The copy you return should hold every record below word for word and no images.

=== Section Start ===

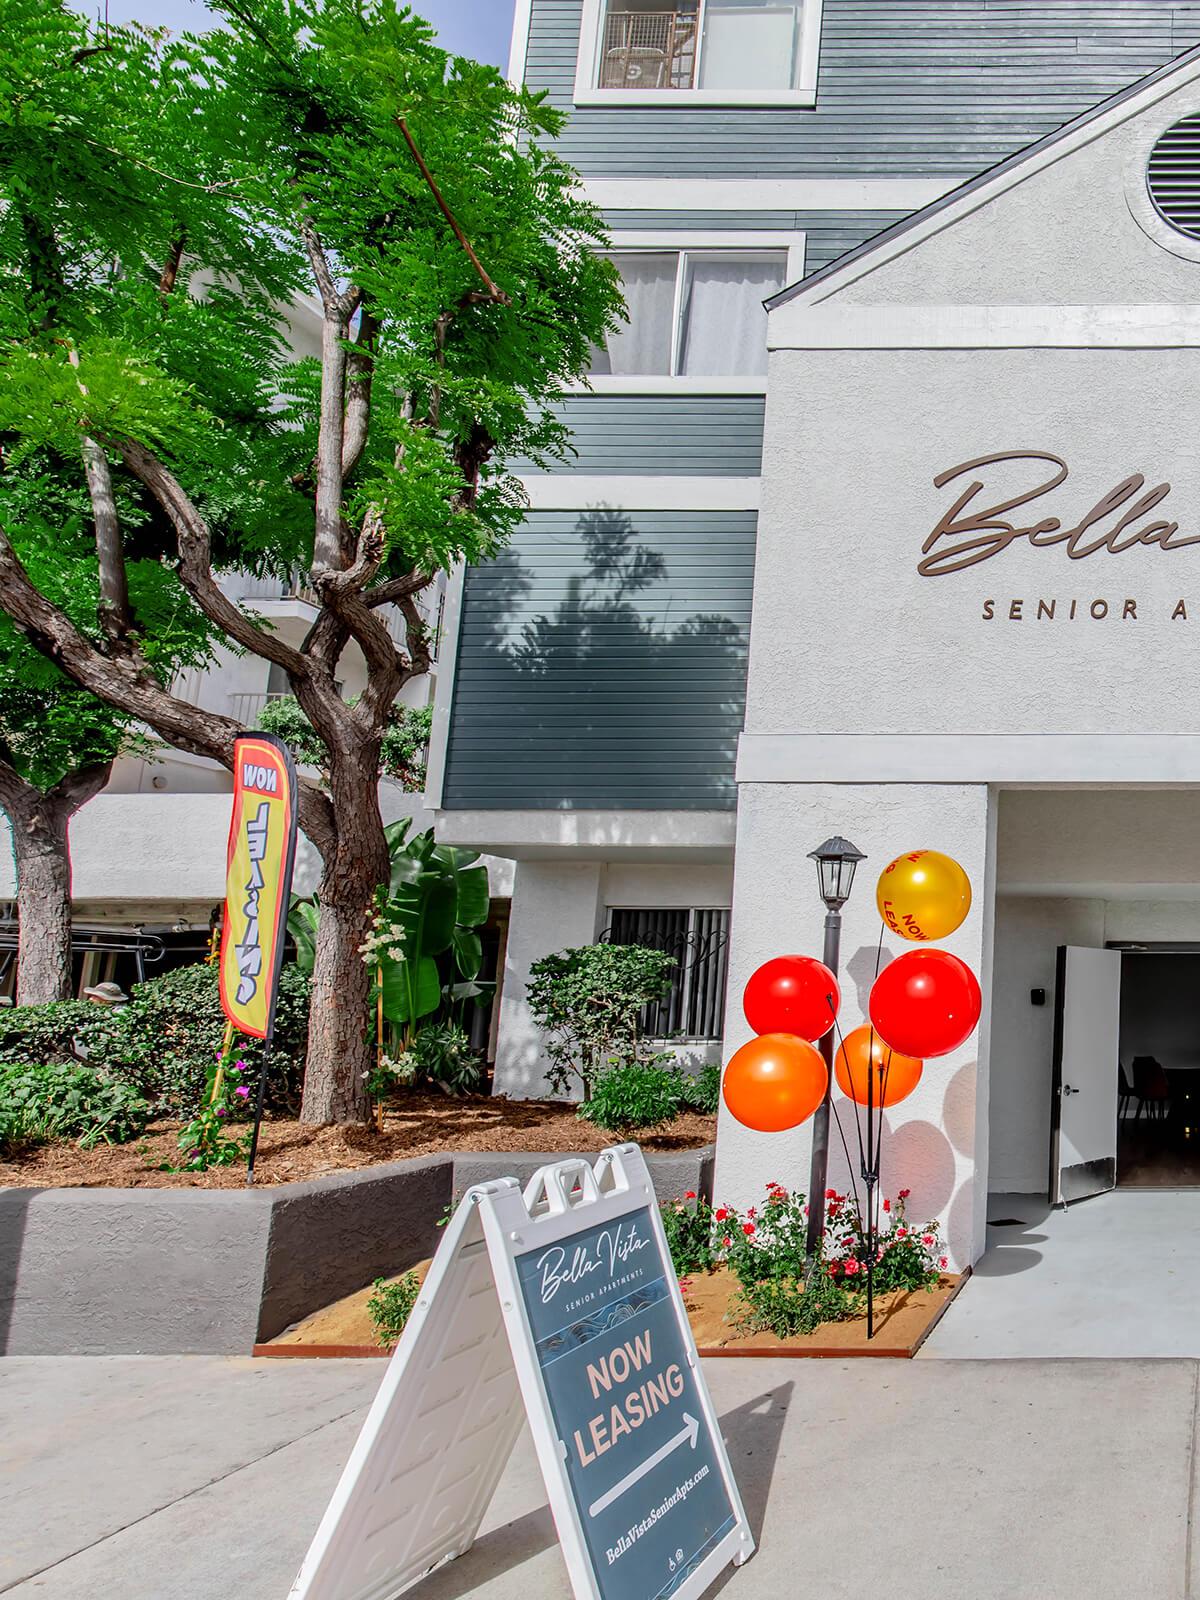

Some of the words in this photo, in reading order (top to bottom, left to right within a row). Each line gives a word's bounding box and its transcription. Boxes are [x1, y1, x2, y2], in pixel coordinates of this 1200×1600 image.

[982, 599, 1139, 620] SENIOR
[536, 1246, 603, 1304] Bella
[596, 1223, 650, 1277] Vista
[564, 1291, 596, 1312] SENIOR
[599, 1268, 644, 1296] APARTMENTS
[586, 1329, 652, 1399] NOW
[573, 1364, 684, 1468] LEASING
[605, 1464, 710, 1566] BellaVistaSeniorApts.com

=== Section End ===

▶ [SOLUTION TO THIS EXERCISE]
Some of the words in this photo, in reading order (top to bottom, left to right within a row). Each line gives a word's bounding box and its transcription. Boxes are [x1, y1, x2, y2], in pixel coordinates of this 1200×1600 image.

[982, 599, 1139, 620] SENIOR
[536, 1246, 603, 1304] Bella
[596, 1223, 650, 1277] Vista
[564, 1291, 596, 1312] SENIOR
[599, 1268, 644, 1296] APARTMENTS
[586, 1329, 652, 1399] NOW
[573, 1364, 684, 1468] LEASING
[605, 1464, 710, 1566] BellaVistaSeniorApts.com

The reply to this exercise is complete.